By Dr Sheri Fanaroff MBBCh FCFP MFamMed, a Family Physician, practicing in Melrose, Johannesburg. Fanaroff is a member of GGPC (Gauteng General Practitioners Collaboration) which has created a platform for doctors to share resources during Covid-19. Look for #voicesthatcare on the GGPC Facebook page

I’ve been asked by many during the last few days why I haven’t sent out my weekly “Covid-19 Update” in nearly 3 weeks, as I have done at least once weekly since the start of the Pandemic in March 2020. The truth is that I’m tired and I’m busy.

Let me give you a picture of what Johannesburg is like at the moment.

Because I think people going about their lives as normal, continuing to deny the severity of the epidemic by socializing, eating out and having play dates, and continuing to debate whether they actually need to complete their 10 days of quarantine after an exposure, must be lucky enough to have not yet had COVID come into their immediate circles.

COVID pandemic is growing in Gauteng

Gauteng has now surpassed the peak of the first and second waves and it looks like we are gaining momentum, rather than slowing down. While people follow the South African numbers, which “only” added 4000 to 6000 cases daily over the last few weeks and only recently picked up to more than 10 000 cases daily, there hasn’t been enough emphasis on the fact that 60% of these daily new cases have been in the geographically smallest province, Gauteng.

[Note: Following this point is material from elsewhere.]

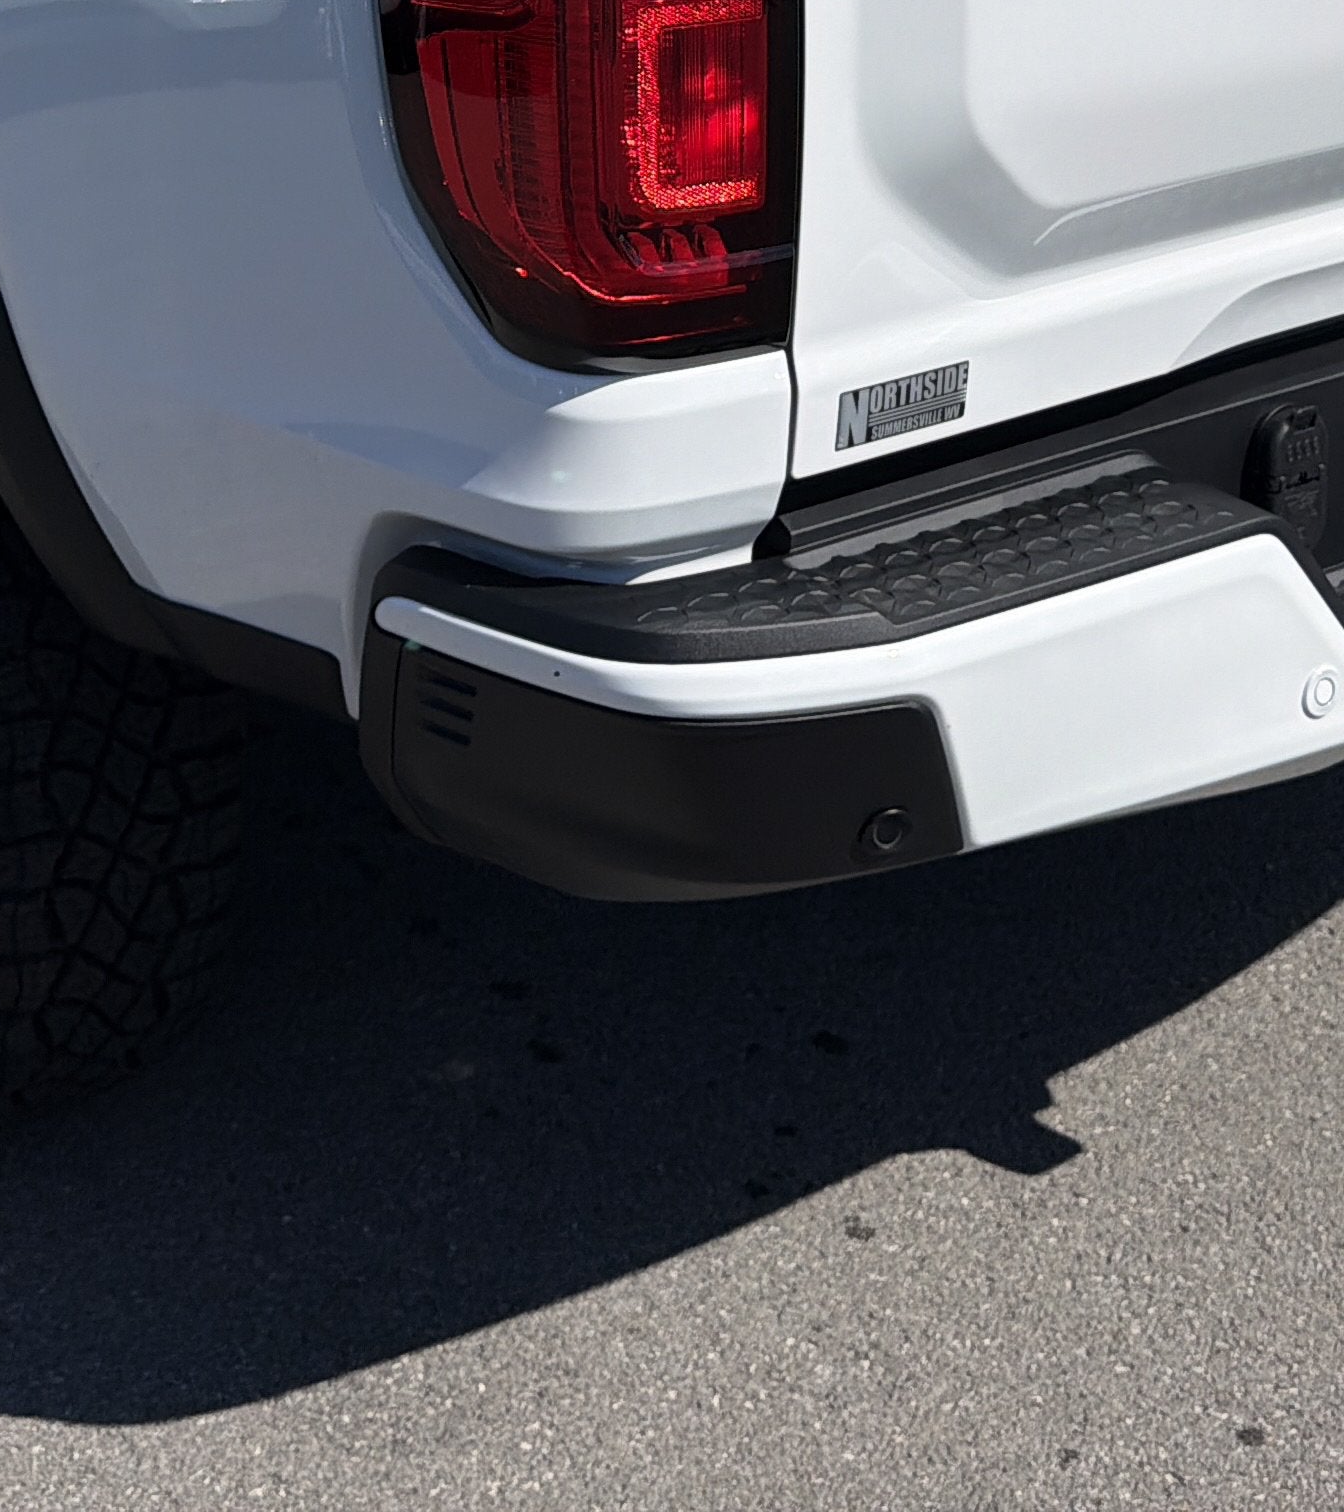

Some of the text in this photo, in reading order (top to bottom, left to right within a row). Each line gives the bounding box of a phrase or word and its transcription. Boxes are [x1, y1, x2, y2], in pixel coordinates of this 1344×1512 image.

[837, 363, 968, 449] NORTHSIDE
[871, 403, 962, 441] SUMMERSVILLE WV
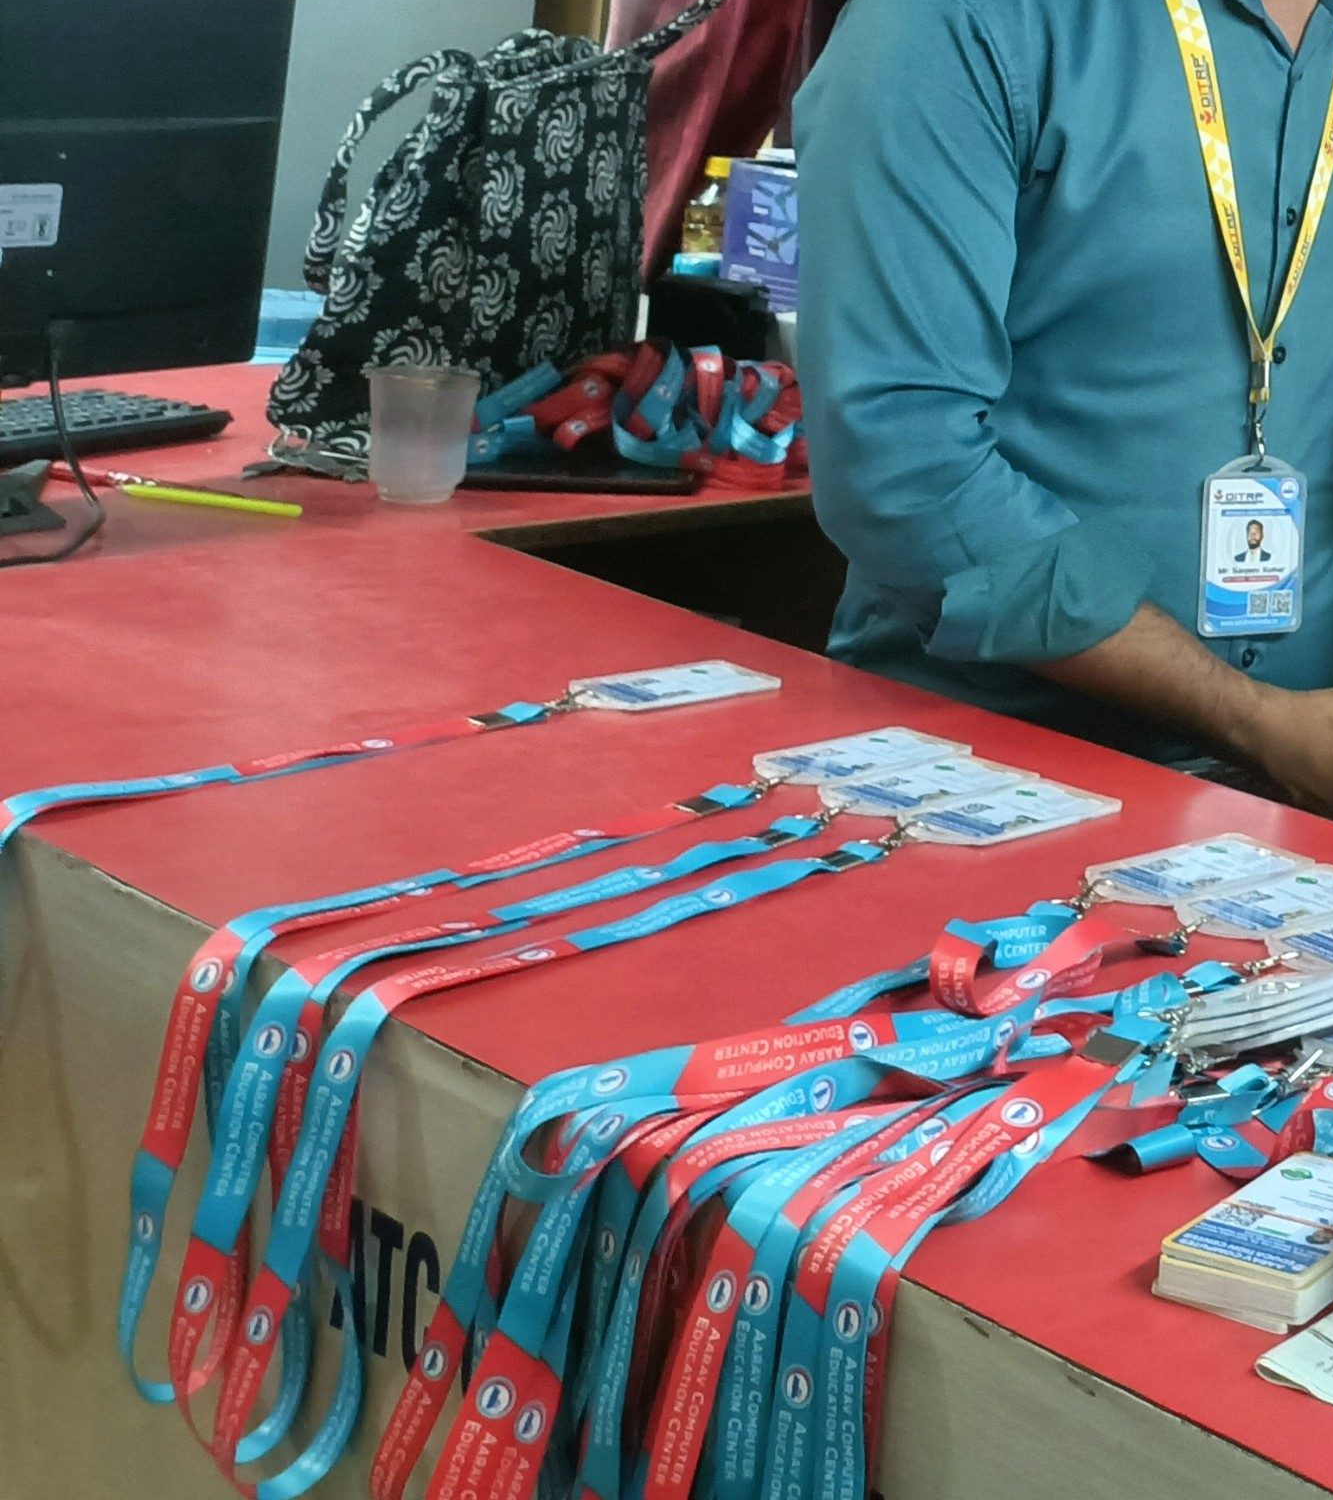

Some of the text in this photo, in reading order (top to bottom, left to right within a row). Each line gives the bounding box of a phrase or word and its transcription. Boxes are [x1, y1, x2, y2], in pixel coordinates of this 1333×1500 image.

For the last two weeks, it has been increasingly difficult to find a hospital bed, both private or public, in Gauteng. Ambulances wait with sick patients in parking lots outside the hospitals, trying to get a space for the patient in the casualty. People struggling to breathe queue up outside casualty hoping to get in to get some oxygen. And these are people who have already been treated at home by their doctors, but have progressed past the point where home treatment can help them.

In my very small practice, I am currently managing dozens of patients at home who are infected with Covid-19. Some of these are in family groups, where everyone at home is sick. The strain of virus we are seeing is extremely contagious and jumping from one person to the next in a few days. Of these patients at home, several are on home oxygen, many are on strong medications like cortisone and anticoagulants, and some have needed hospital admission. (And for the record, some of these patients have been on Ivermectin, and equally, some have not).

Covid doctor

Photo by Magdiel Lagos on Unsplash

Still sick with COVID after one dose of the Pfizer Vaccine

Several of my current COVID patients have had one dose of Pfizer vaccine. Of these, two have COVID pneumonia, demonstrating that one vaccine dose three weeks ago is not yet effective. Three of my patients had had a Johnson and Johnson vaccine over a month ago, but have thankfully had relatively mild illness.

 

Shortage of Oxygen for COVID patients

This week for the first time, it has been a struggle to find enough oxygen for patients needing it at home. The major oxygen suppliers now have waiting lists. Most of the “hospital at home” management and nursing services are at capacity. I have spent hours on some days phoning around to hospitals begging for beds for patients who need, only to be told that there are no high care or ICU beds in Gauteng.

GPs are forced to manage patients at home who fit the criteria for hospital admission. We are told to send our patients via casualty where they will be “triaged” so that the most deserving / ones who need it most will get a bed. We don’t want to do this as we know our patients will spend hours in casualty and possibly be sent home. State hospitals are sending home patients with Oxygen levels in their 70’s.

Some of my GP colleagues are managing literally hundreds of patients at home on their own every day. These patients need close monitoring including of vital signs, blood tests and sometimes chest X-Rays in order to assess and administer the correct medication at the appropriate time. The Jewish community are privileged to have the aid of Hatzola who ease much of the burden for GPs, but who are currently swamped with over 500 patients to look after.

Every day we answer dozens of questions from people who have been exposed at school, at meetings, at lunches and at parties. Every day we send dozens of patients for tests, of which larger and larger percentages come back positive (22% positivity in SA yesterday). Every day I send out quarantine and isolation information and have to convince people that they still need to quarantine for ten days even if they have tested negative.

Essential guidelines

A reminder that you are not fully vaccinated until at least two weeks after your second Pfizer vaccine. There is no rush to have a second vaccine before 42 days and it is not a good idea to queue at crowded vaccine centres. Rather wait for your appointments. Even when fully vaccinated, there remains some risk of getting infected while the volumes of unvaccinated people remain high and the virus spreads rampantly.

You all know what to do.
• Avoid gatherings.
• Wear your masks (double mask if in a high risk place).
• Social distance
• Stay in ventilated spaces
• Wash and sanitise your hands
• Try to get a vaccine if you qualify (teachers very soon and hopefully over 50s to follow)

As busy and tired as I am, hospital doctors and nurses and facilities are much busier and more tired. So please take this seriously for the next few weeks and don’t add to the statistics.